▶ Provided material
--- START ---

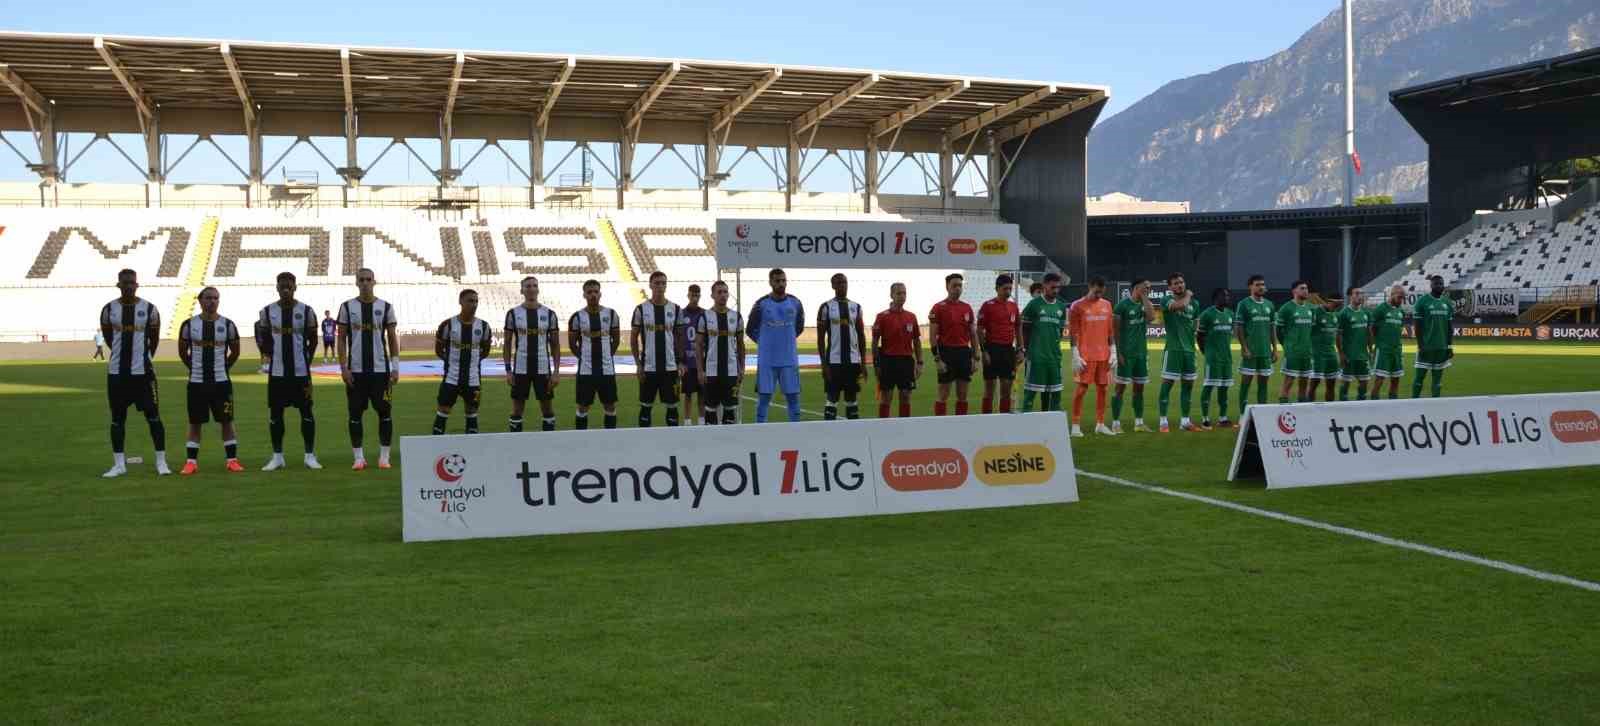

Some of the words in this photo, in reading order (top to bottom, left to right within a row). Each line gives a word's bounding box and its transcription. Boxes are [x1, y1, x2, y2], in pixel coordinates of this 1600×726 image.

[772, 230, 884, 259] trendyol
[1553, 328, 1599, 340] BURÇAK
[1271, 435, 1312, 448] trendyol
[1328, 412, 1481, 455] trendyol
[890, 460, 961, 477] trendyol
[984, 452, 1046, 474] NESİNE
[516, 452, 761, 509] trendyol
[419, 484, 486, 501] trendyol
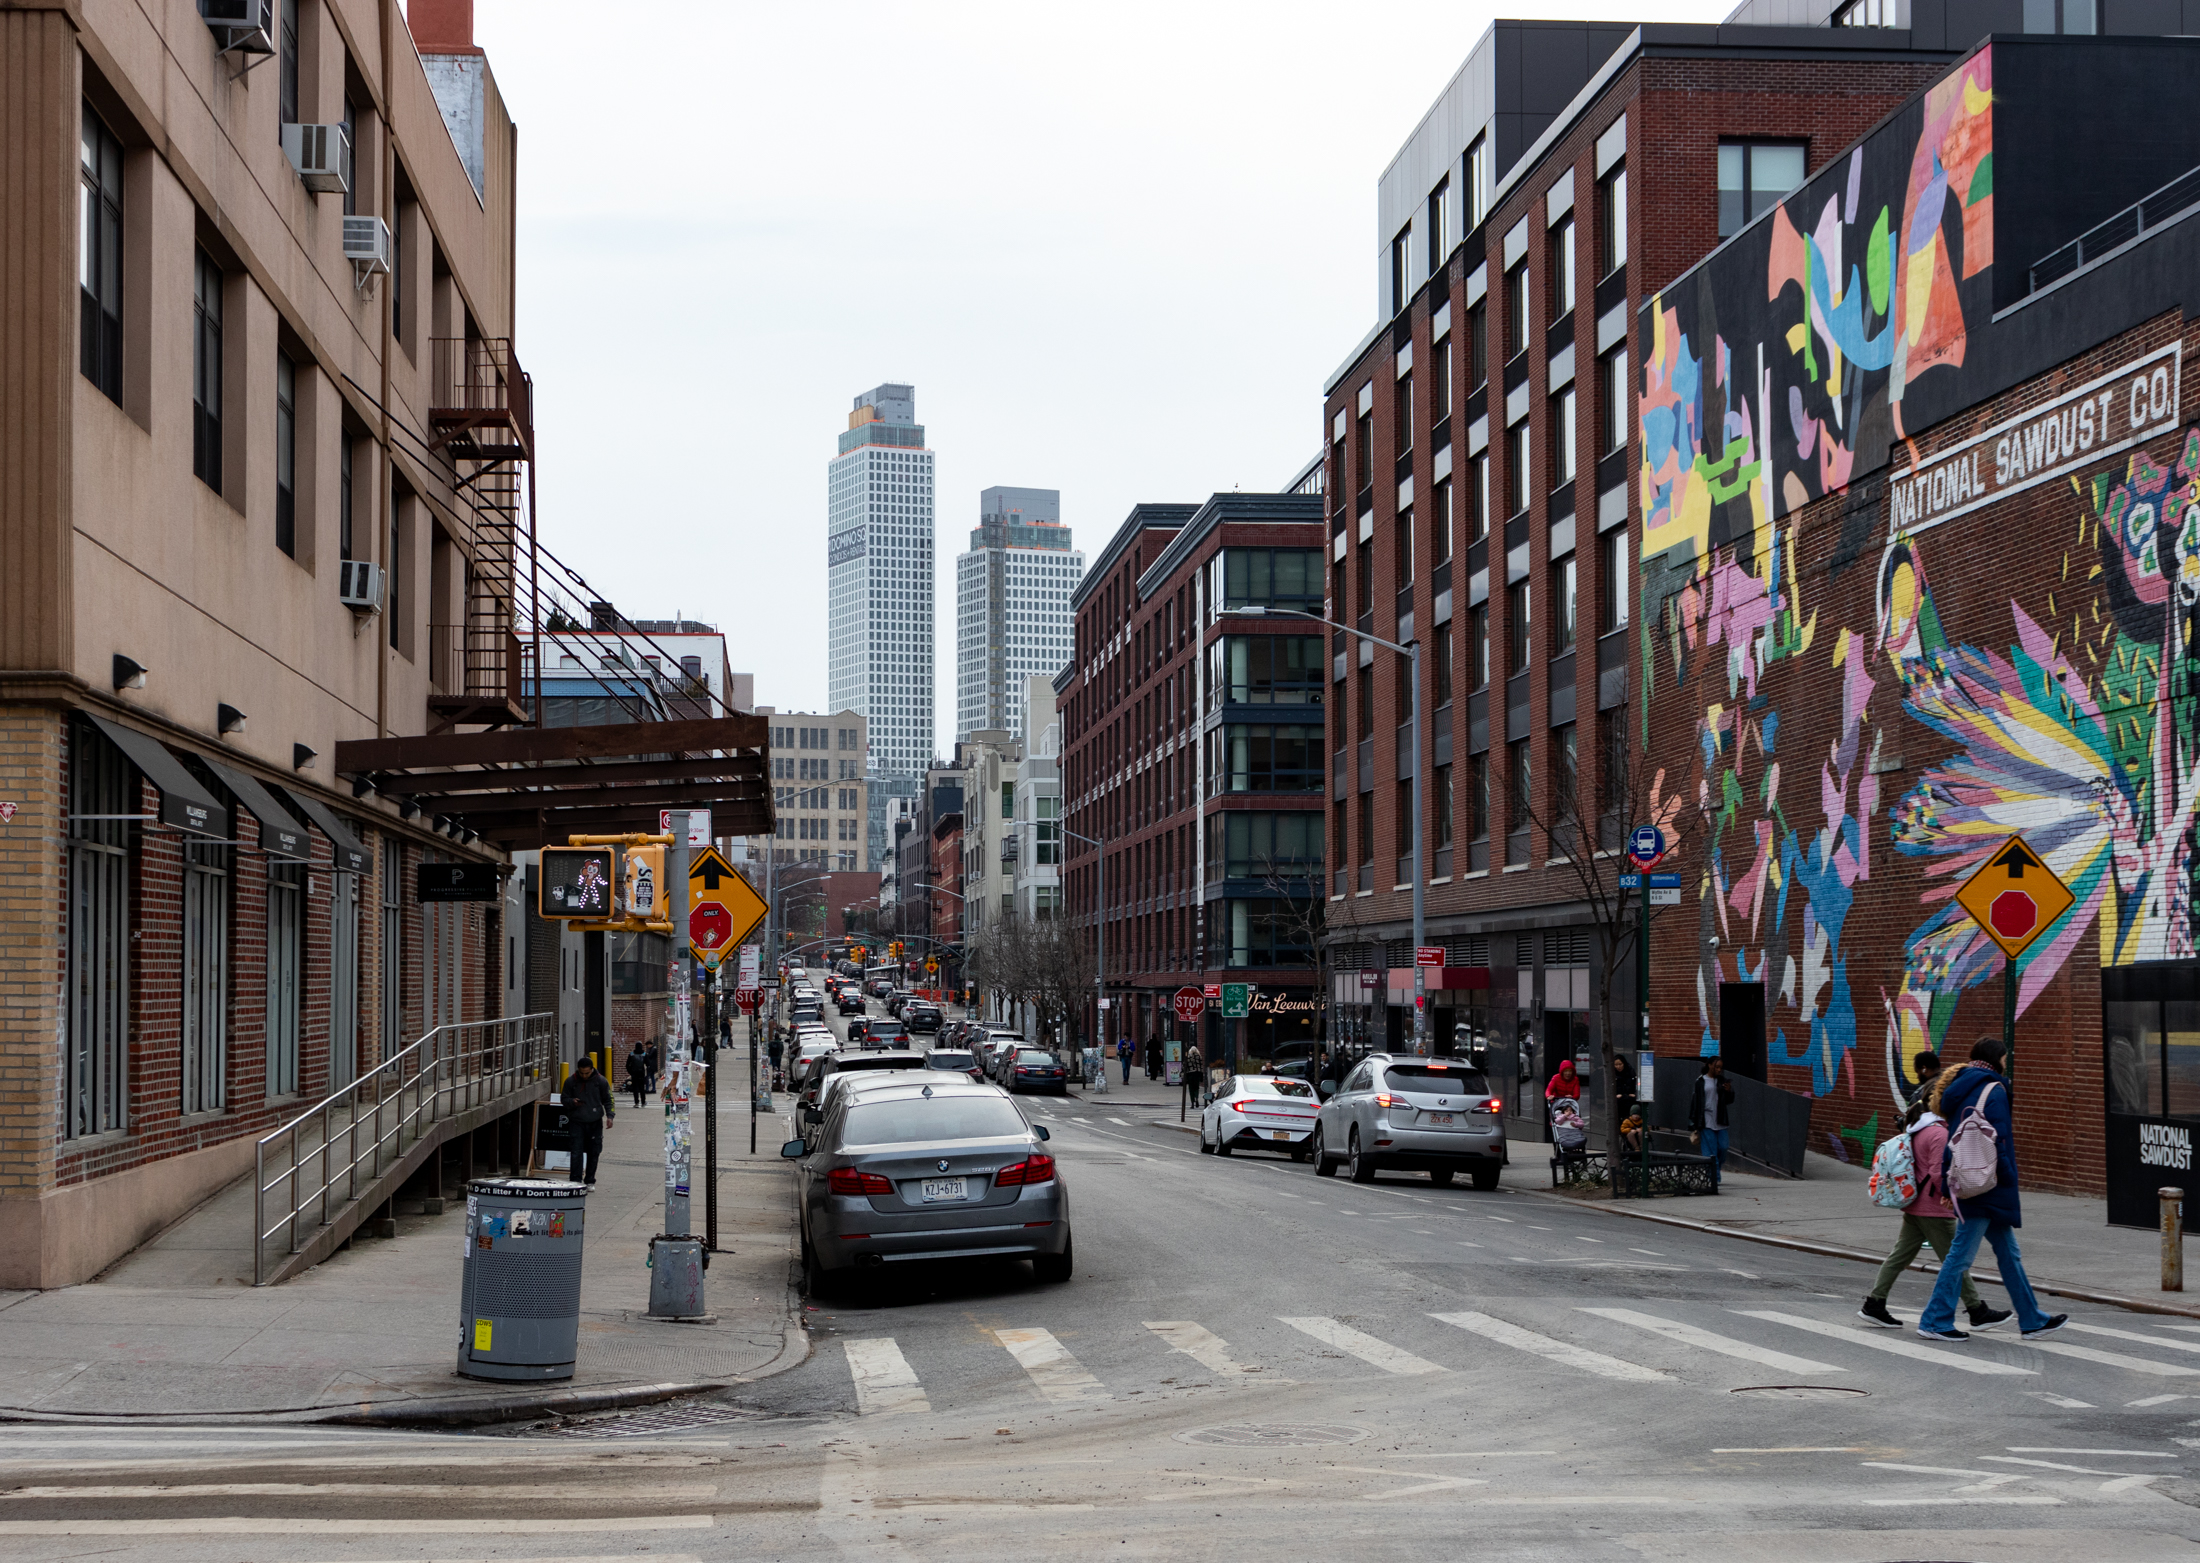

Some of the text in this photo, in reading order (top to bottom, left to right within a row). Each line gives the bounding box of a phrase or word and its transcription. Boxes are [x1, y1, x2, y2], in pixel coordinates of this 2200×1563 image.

[1895, 452, 1986, 526] NATIONAL
[1996, 390, 2113, 485] SAWDUST
[832, 530, 857, 552] DOMINO
[1630, 854, 1662, 867] NO STANDING
[1620, 876, 1637, 886] B32
[1176, 996, 1203, 1008] STOP
[1248, 993, 1272, 1010] Van
[2140, 1123, 2192, 1149] NATIONAL
[2140, 1143, 2192, 1170] SAWDUST
[474, 1185, 491, 1194] Dn't
[493, 1187, 512, 1195] litter
[527, 1189, 550, 1197] Don't

--- END ---

▶ About this exercise
Exact copy, no pictures: reproduce every record as it stands.

▶ Exercise response
Some of the words in this photo, in reading order (top to bottom, left to right within a row). Each line gives a word's bounding box and its transcription. Boxes are [x1, y1, x2, y2], in pixel coordinates of this 1600×726 image.

[772, 230, 884, 259] trendyol
[1553, 328, 1599, 340] BURÇAK
[1271, 435, 1312, 448] trendyol
[1328, 412, 1481, 455] trendyol
[890, 460, 961, 477] trendyol
[984, 452, 1046, 474] NESİNE
[516, 452, 761, 509] trendyol
[419, 484, 486, 501] trendyol

Some of the text in this photo, in reading order (top to bottom, left to right within a row). Each line gives the bounding box of a phrase or word and its transcription. Boxes are [x1, y1, x2, y2], in pixel coordinates of this 2200×1563 image.

[1895, 452, 1986, 526] NATIONAL
[1996, 390, 2113, 485] SAWDUST
[832, 530, 857, 552] DOMINO
[1630, 854, 1662, 867] NO STANDING
[1620, 876, 1637, 886] B32
[1176, 996, 1203, 1008] STOP
[1248, 993, 1272, 1010] Van
[2140, 1123, 2192, 1149] NATIONAL
[2140, 1143, 2192, 1170] SAWDUST
[474, 1185, 491, 1194] Dn't
[493, 1187, 512, 1195] litter
[527, 1189, 550, 1197] Don't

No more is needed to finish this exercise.